§ TASK REQUIREMENTS
Exactly as written, return the entries below, minus any pictures.

§ EXTRACTED MATERIAL

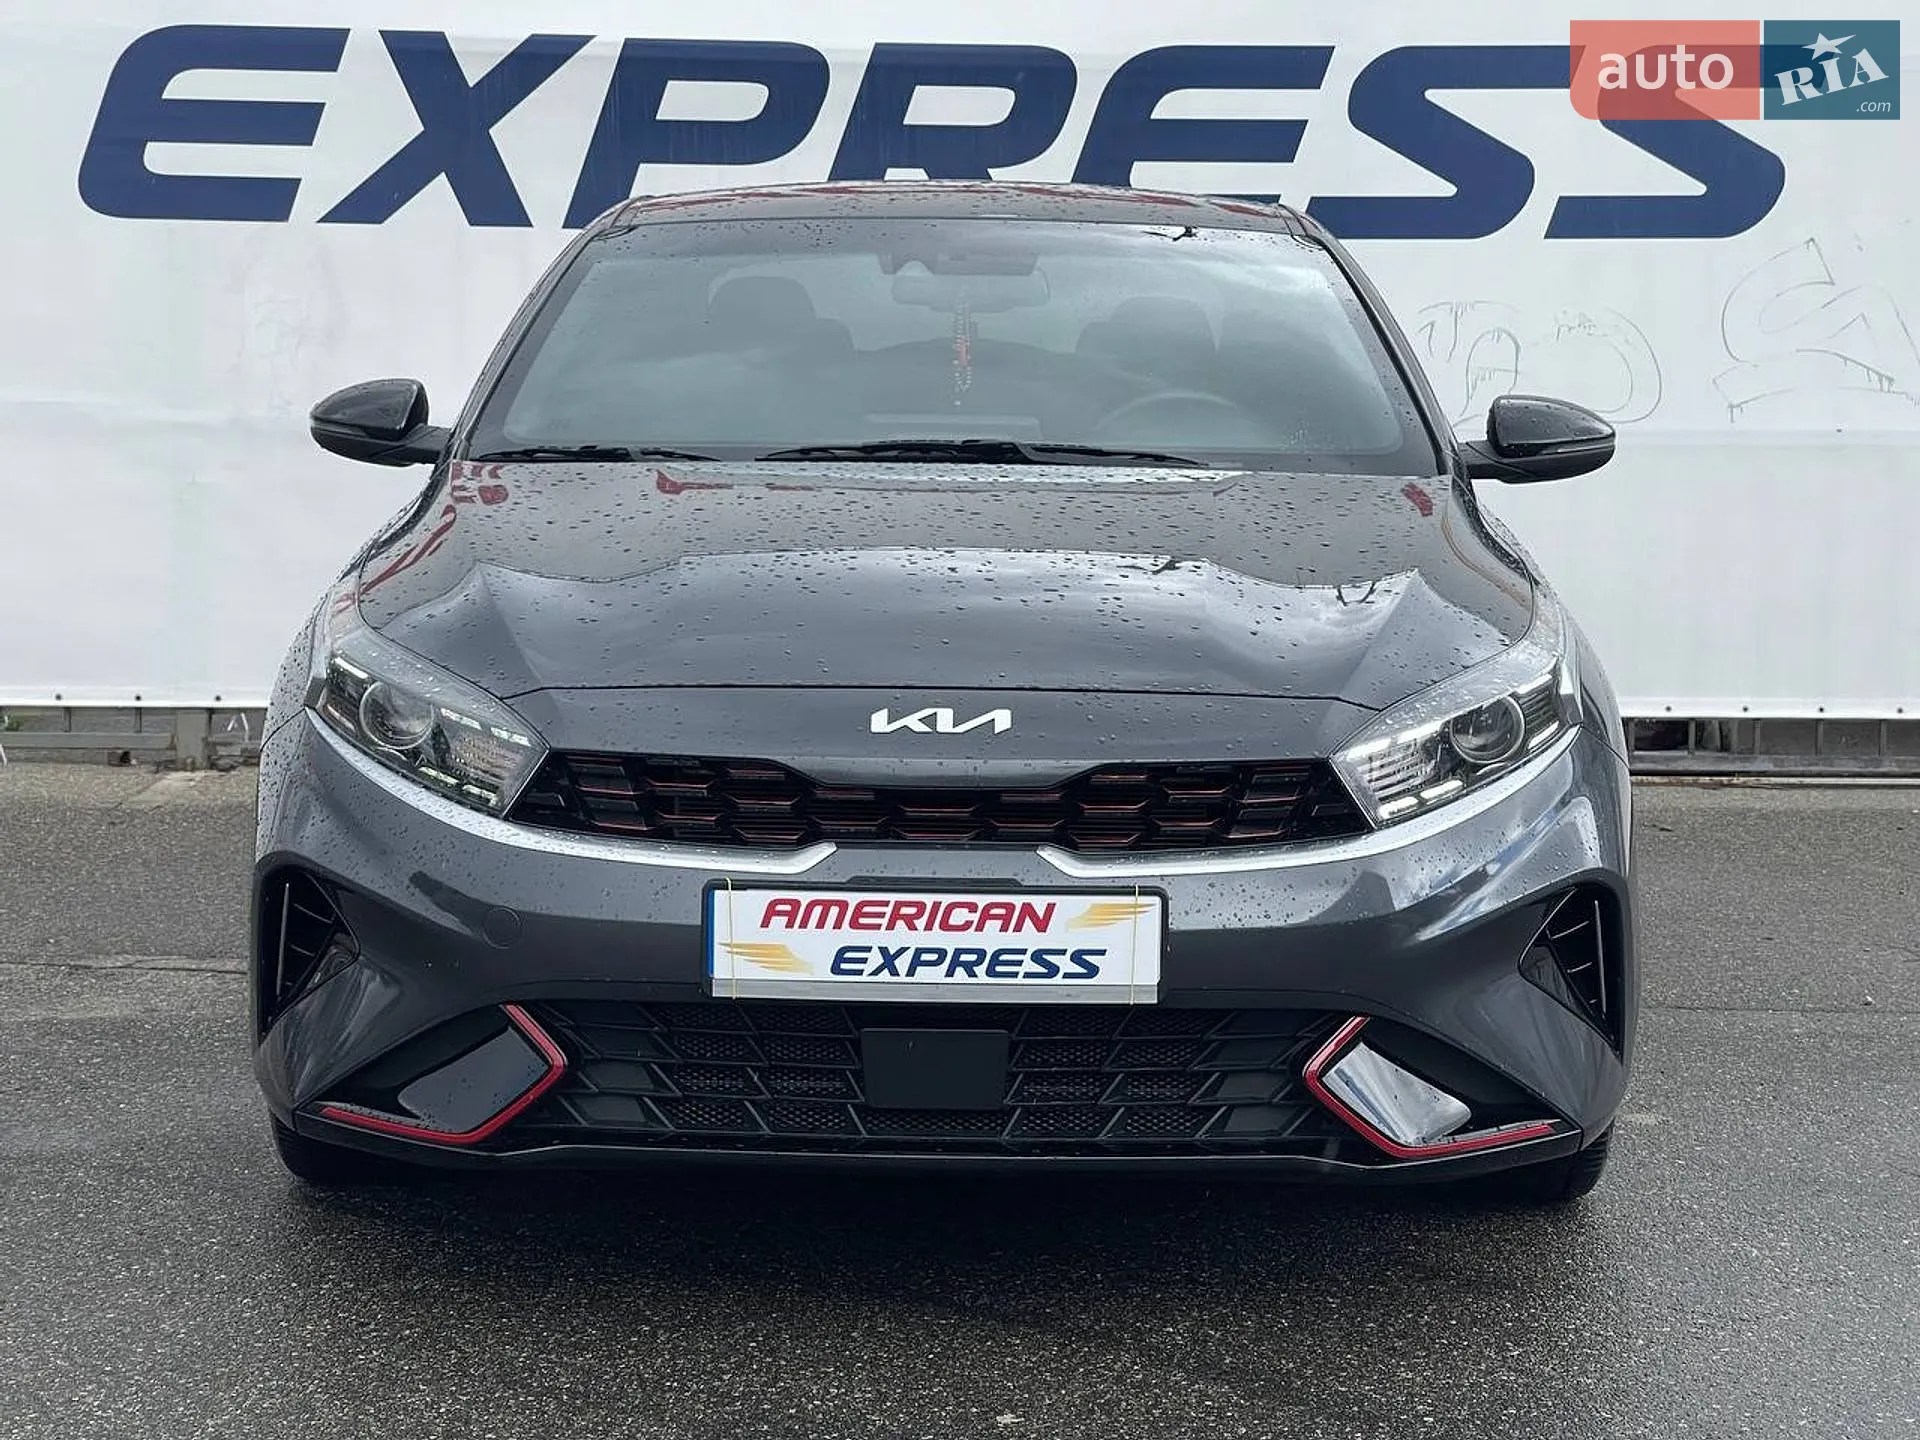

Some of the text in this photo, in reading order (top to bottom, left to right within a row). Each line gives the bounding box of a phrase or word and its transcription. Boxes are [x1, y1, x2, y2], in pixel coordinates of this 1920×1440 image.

[78, 24, 1832, 240] EXPRESS
[759, 897, 1057, 934] AMERICAN
[829, 945, 1108, 980] EXPRESS
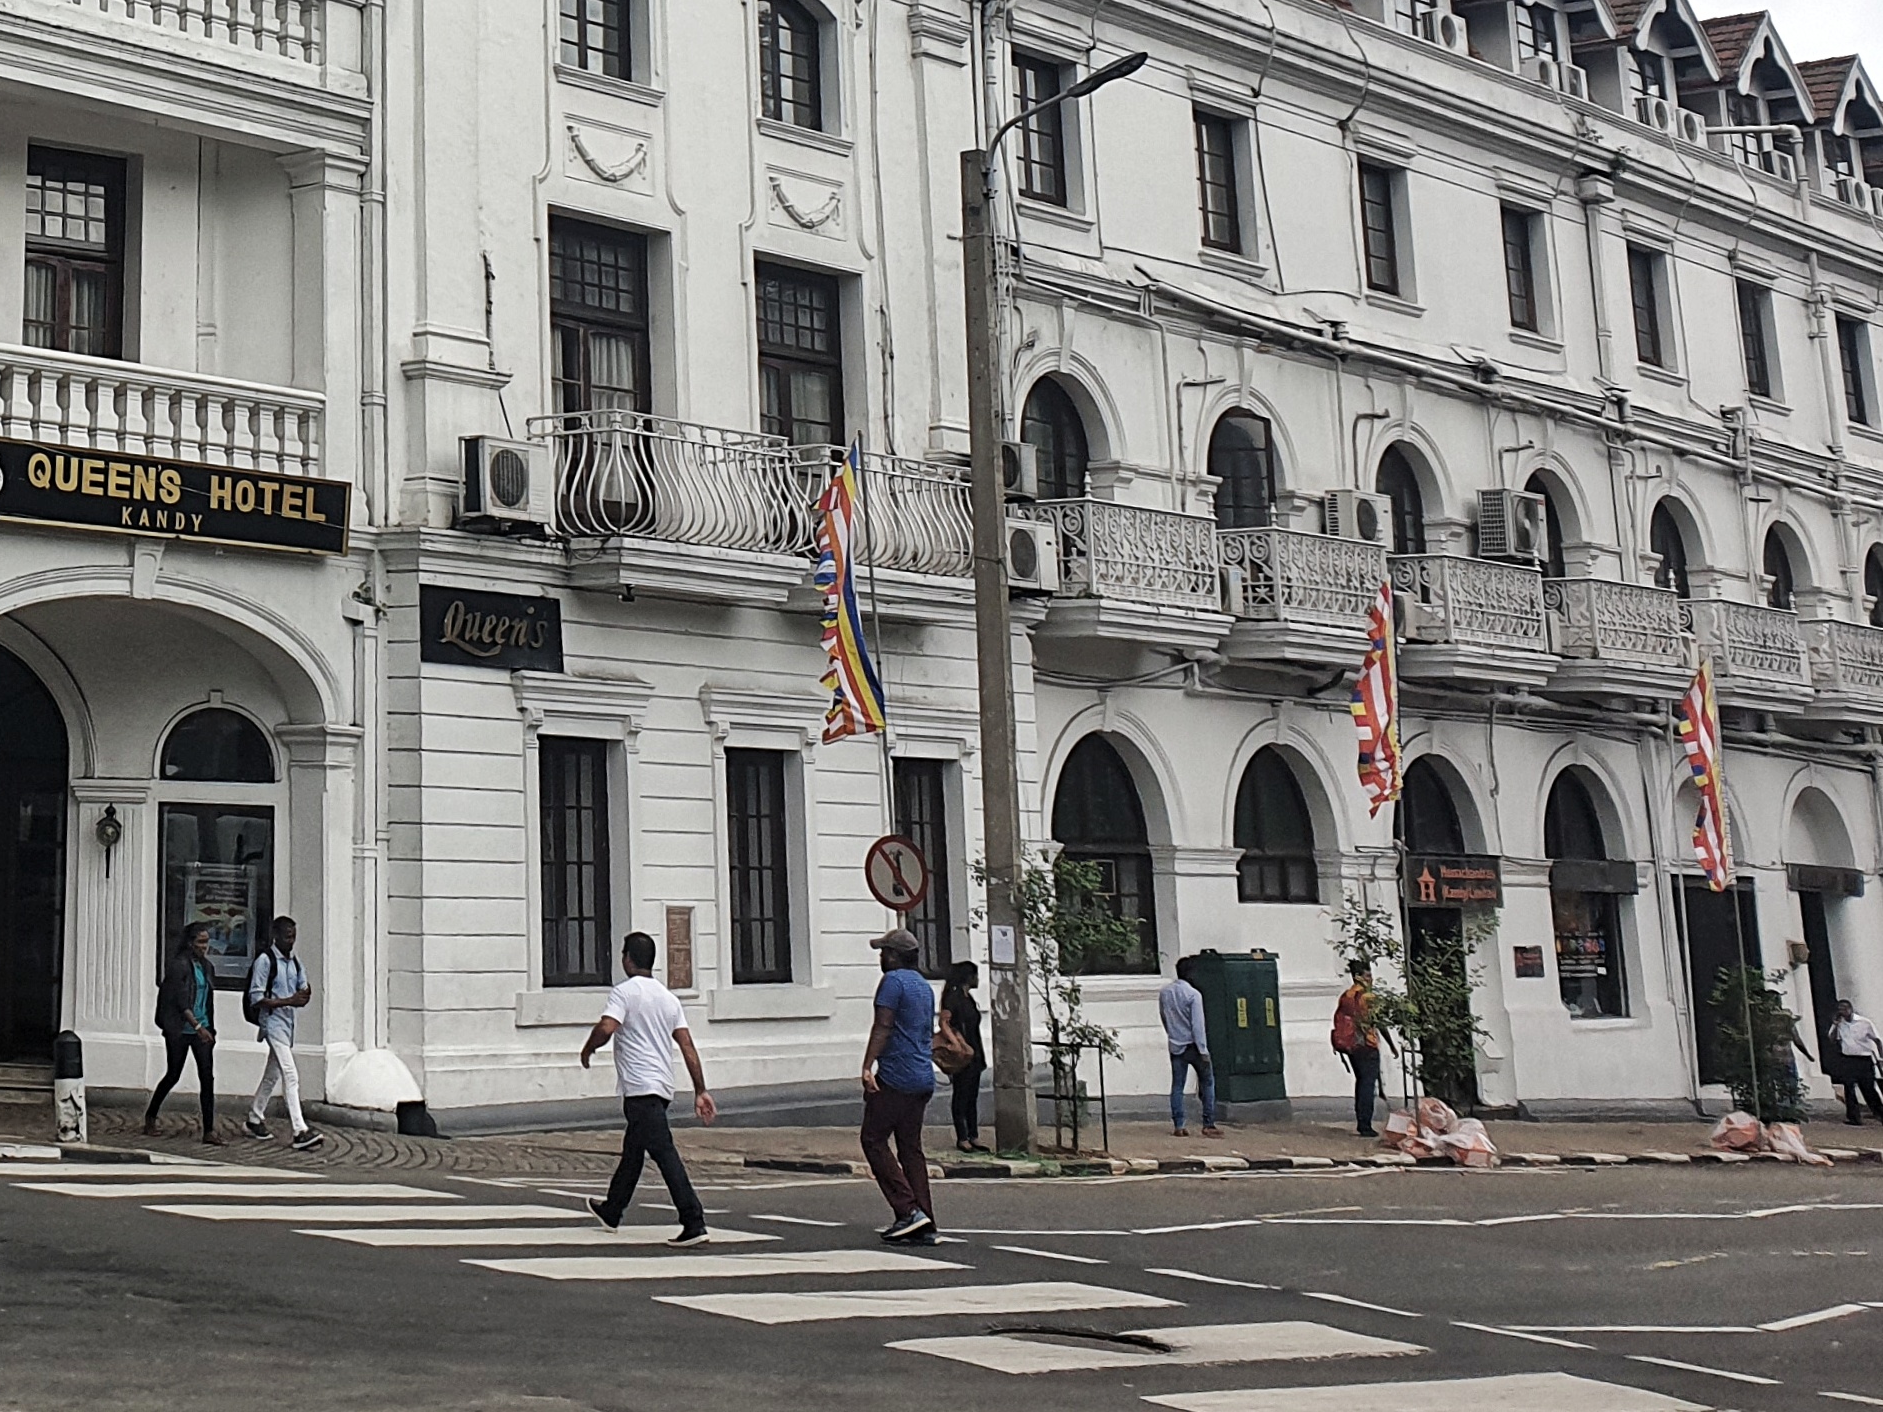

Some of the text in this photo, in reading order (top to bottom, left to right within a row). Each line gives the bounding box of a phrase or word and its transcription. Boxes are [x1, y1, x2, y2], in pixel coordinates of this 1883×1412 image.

[28, 452, 182, 505] QUEEN'S
[209, 474, 327, 522] HOTEL
[121, 505, 204, 532] KANDY
[438, 600, 548, 657] Queen's

§ WRITTEN RESPONSE
Some of the text in this photo, in reading order (top to bottom, left to right within a row). Each line gives the bounding box of a phrase or word and its transcription. Boxes are [x1, y1, x2, y2], in pixel coordinates of this 1920×1440 image.

[78, 24, 1832, 240] EXPRESS
[759, 897, 1057, 934] AMERICAN
[829, 945, 1108, 980] EXPRESS

Some of the text in this photo, in reading order (top to bottom, left to right within a row). Each line gives the bounding box of a phrase or word and its transcription. Boxes are [x1, y1, x2, y2], in pixel coordinates of this 1883×1412 image.

[28, 452, 182, 505] QUEEN'S
[209, 474, 327, 522] HOTEL
[121, 505, 204, 532] KANDY
[438, 600, 548, 657] Queen's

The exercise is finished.